Alzheimer's disease (AD) is the most commonly occurring brain disorder, characterized by the accumulation of amyloid-β (Aβ) and tau, subsequently leading to neurocognitive decline. 3-Amino-1-propanesulfonic acid (TPS) and its prodrug, currently under clinical trial III, serve as promising therapeutic agents targeting Aβ pathology by specifically preventing monomer-to-oligomer formation. Inspired by the potency of TPS prodrug, we hypothesized that conjugating TPS with human serum albumin (HSA) could enhance brain delivery and synergistically inhibit Aβ aggregation in mild to moderate AD. Thus, we prepared and extensively characterized HSA-TPS (h-TPS) conjugate using an eco-friendly coupling method. In vitro studies on Aβ aggregation kinetics and AFM imaging revealed significant prevention of Aβ aggregation. Additionally, h-TPS significantly reduced Aβ-induced neurotoxicity and H₂O₂-mediated reactive oxygen species (ROS) stress in SH-SY5Y cells.
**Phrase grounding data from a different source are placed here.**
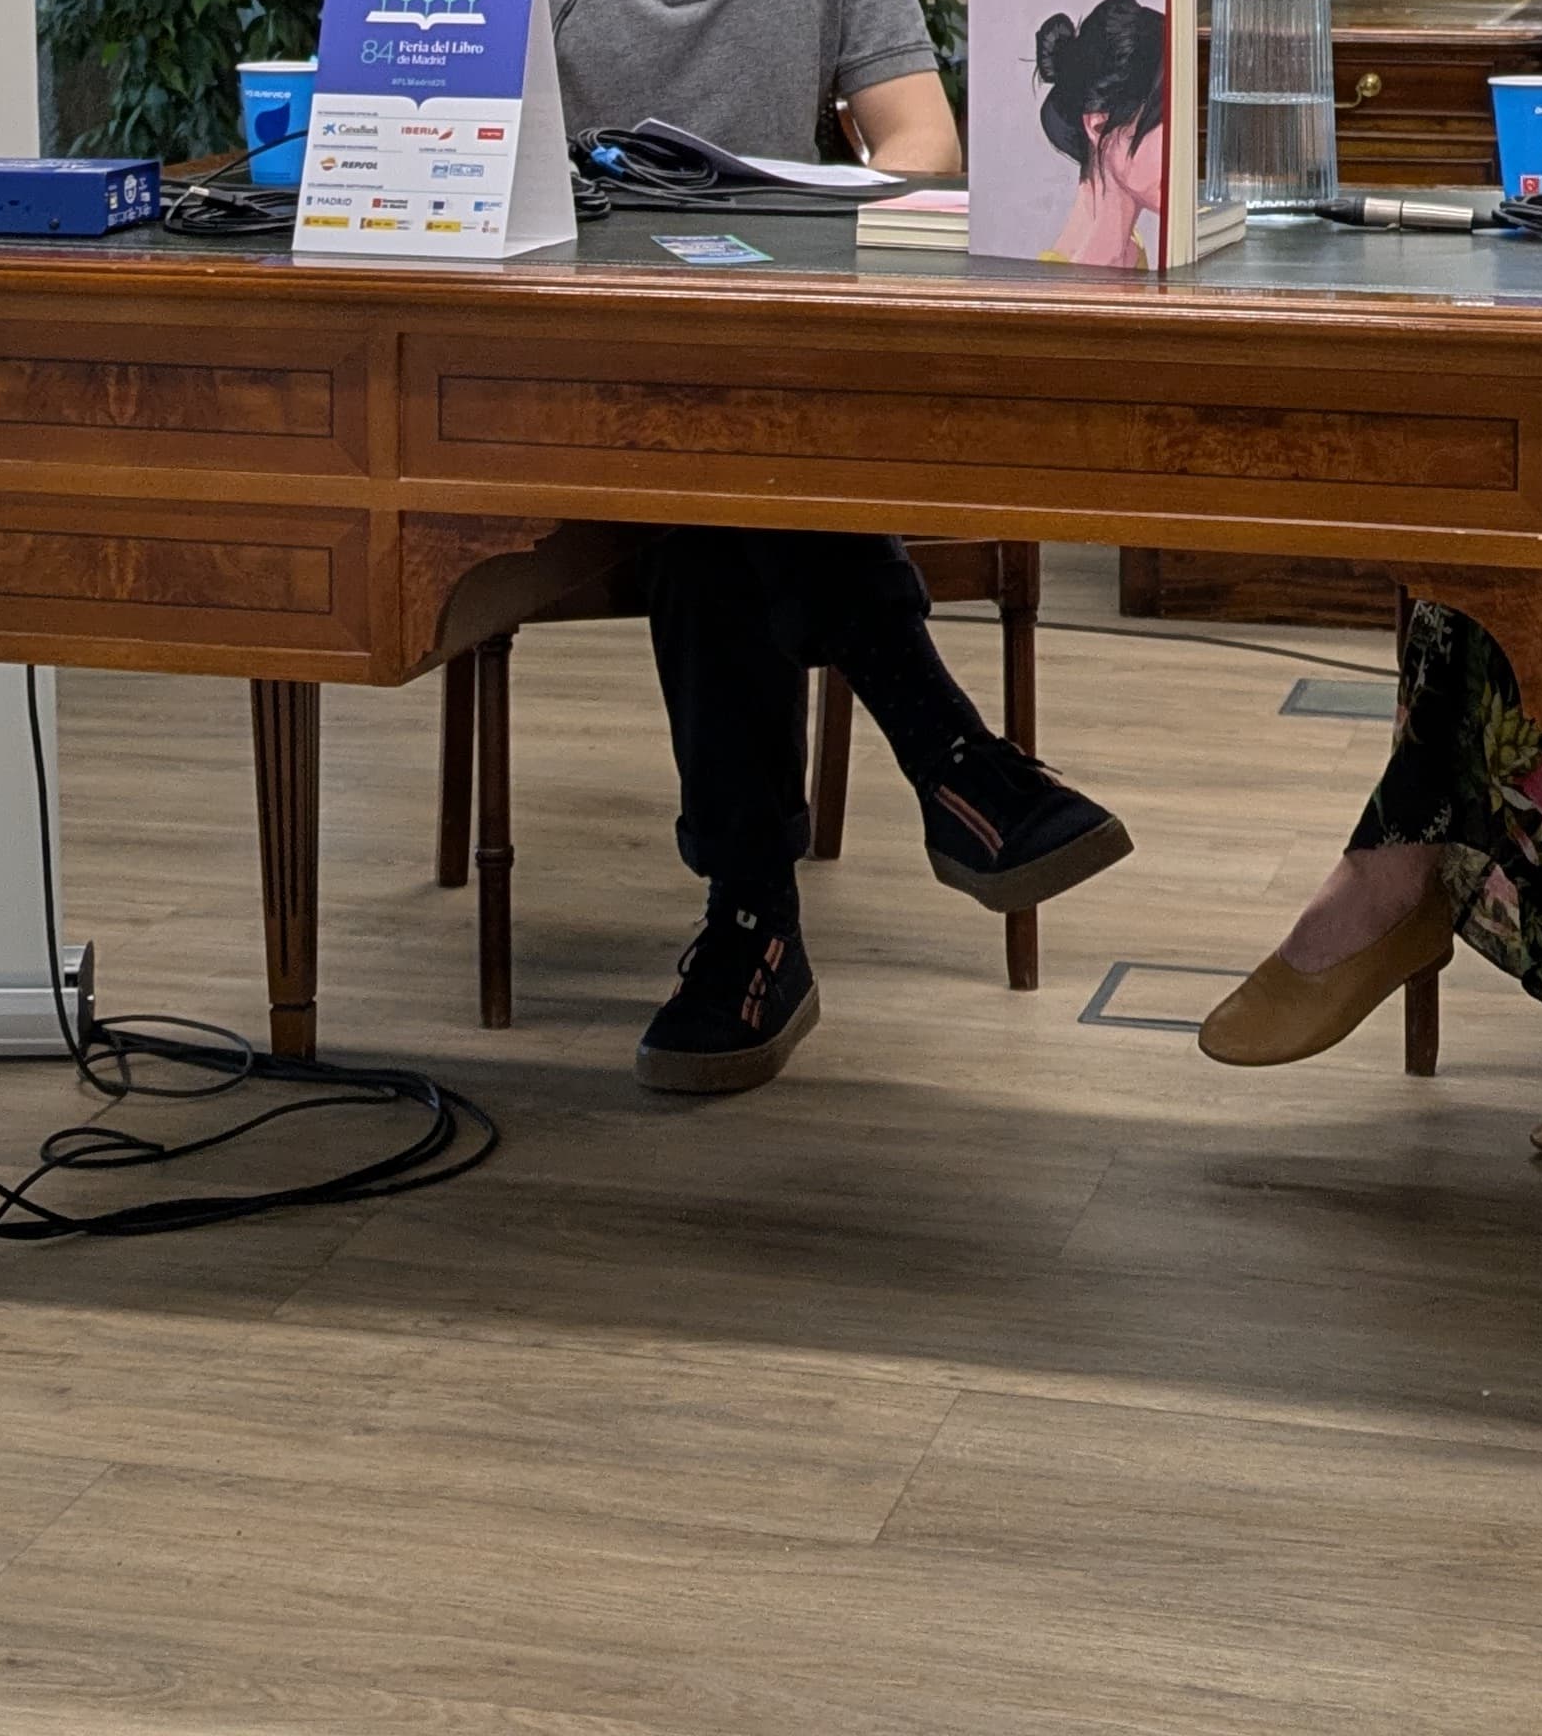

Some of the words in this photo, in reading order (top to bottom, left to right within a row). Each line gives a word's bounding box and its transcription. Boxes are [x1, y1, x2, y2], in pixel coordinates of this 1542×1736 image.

[361, 40, 394, 64] 84
[399, 40, 429, 53] Feria
[431, 40, 449, 53] del
[451, 41, 484, 54] Libro
[396, 55, 410, 64] de
[412, 54, 446, 65] Madrid
[401, 127, 439, 136] IBERIA
[341, 160, 378, 170] REPSOL
Moreover, h-TPS administration improved blood-brain barrier permeability and cellular uptake into neuronal cells as well as showed in vivo uptake inside the brain within 1 h. In vivo studies using an Aβ_1–42-induced acute AD rat model exhibited a dose-dependent significant reduction in hippocampal Aβ levels and restoration of declined spatial learning and memory with h-TPS treatment. Overall, findings suggest that h-TPS conjugate might be a promising neuroprotective agent for preventing Aβ aggregation in mild to moderate AD.